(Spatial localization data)
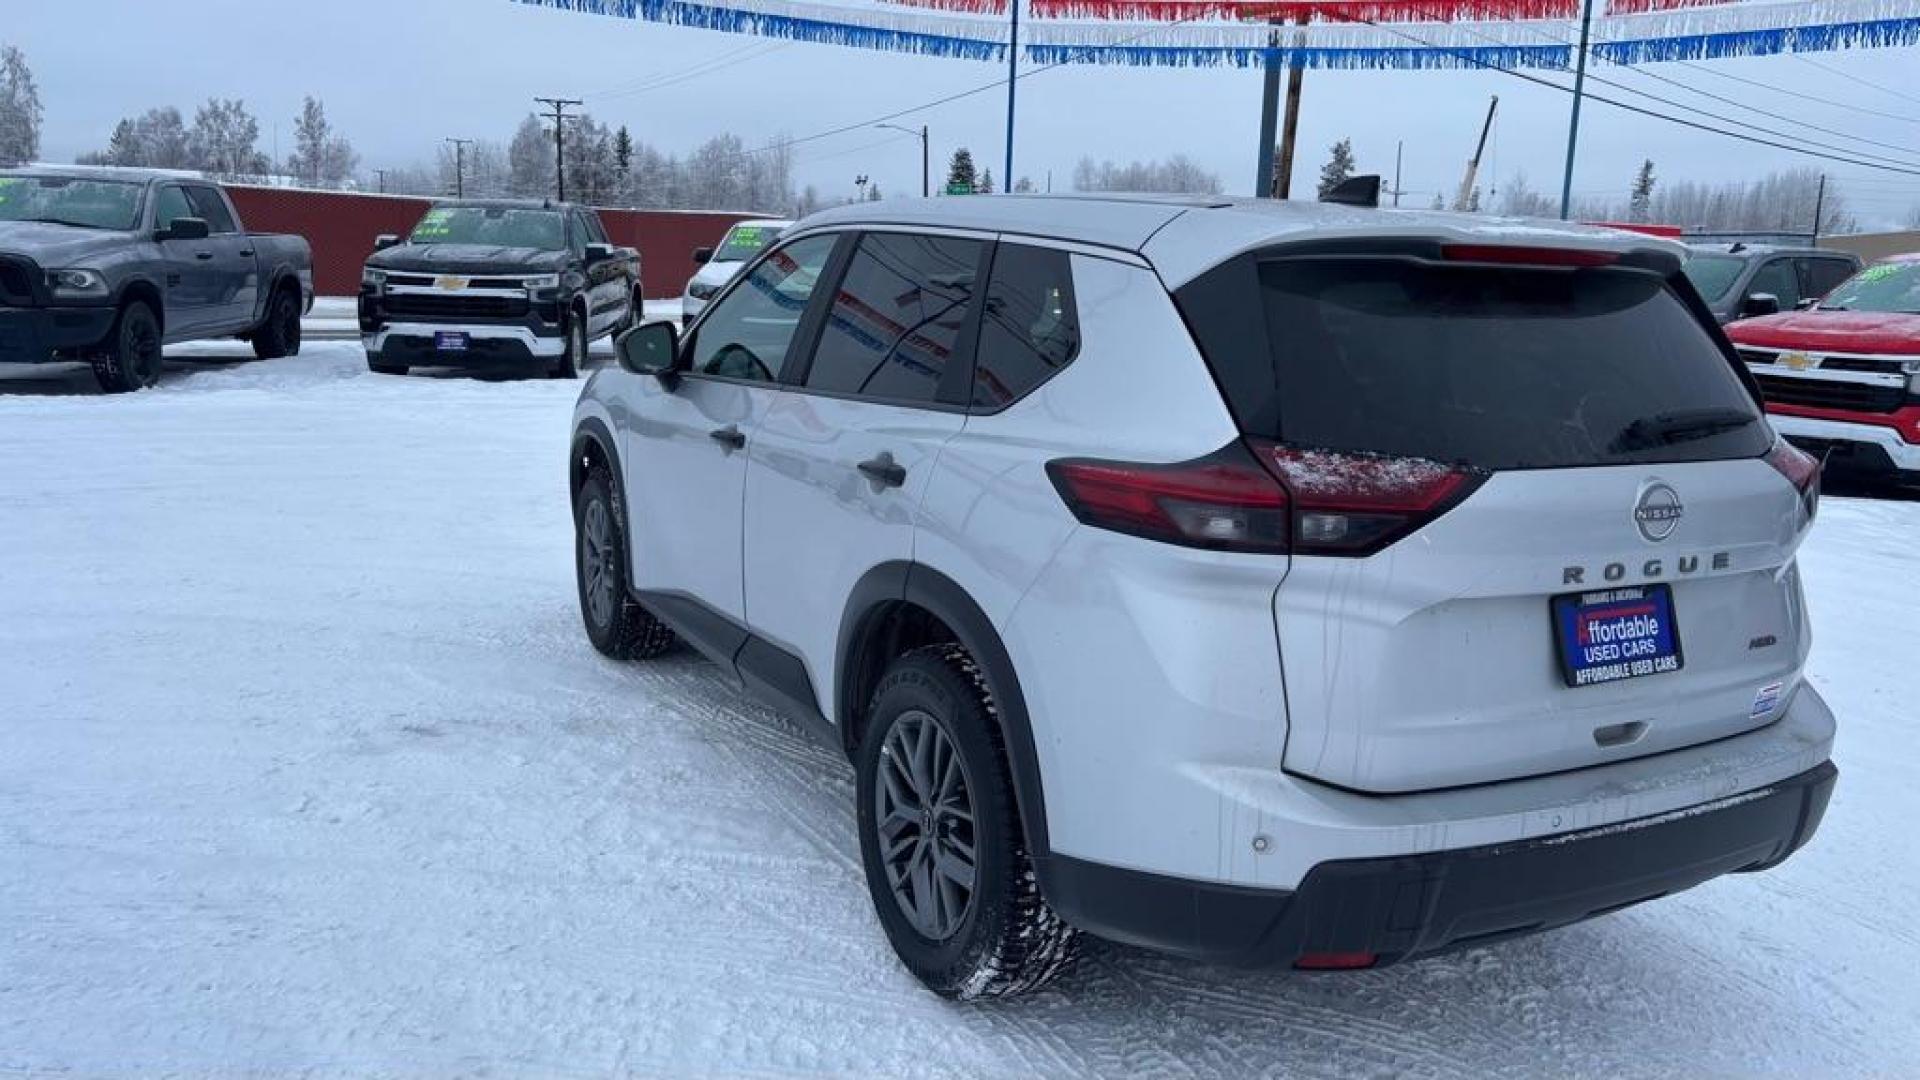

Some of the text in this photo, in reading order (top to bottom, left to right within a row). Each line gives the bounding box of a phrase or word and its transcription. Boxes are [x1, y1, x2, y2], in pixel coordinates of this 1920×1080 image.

[1637, 506, 1681, 519] NISSAN
[1563, 552, 1729, 584] ROGUE
[1577, 606, 1659, 645] Affordable
[1584, 639, 1656, 662] USED CARS
[1576, 655, 1677, 684] AFFORDABLE USED CARS

§ TASK REQUIREMENTS
With the images left out, set down each record exactly as it appears.

§ OUTPUT
Some of the text in this photo, in reading order (top to bottom, left to right within a row). Each line gives the bounding box of a phrase or word and its transcription. Boxes are [x1, y1, x2, y2], in pixel coordinates of this 1920×1080 image.

[1637, 506, 1681, 519] NISSAN
[1563, 552, 1729, 584] ROGUE
[1577, 606, 1659, 645] Affordable
[1584, 639, 1656, 662] USED CARS
[1576, 655, 1677, 684] AFFORDABLE USED CARS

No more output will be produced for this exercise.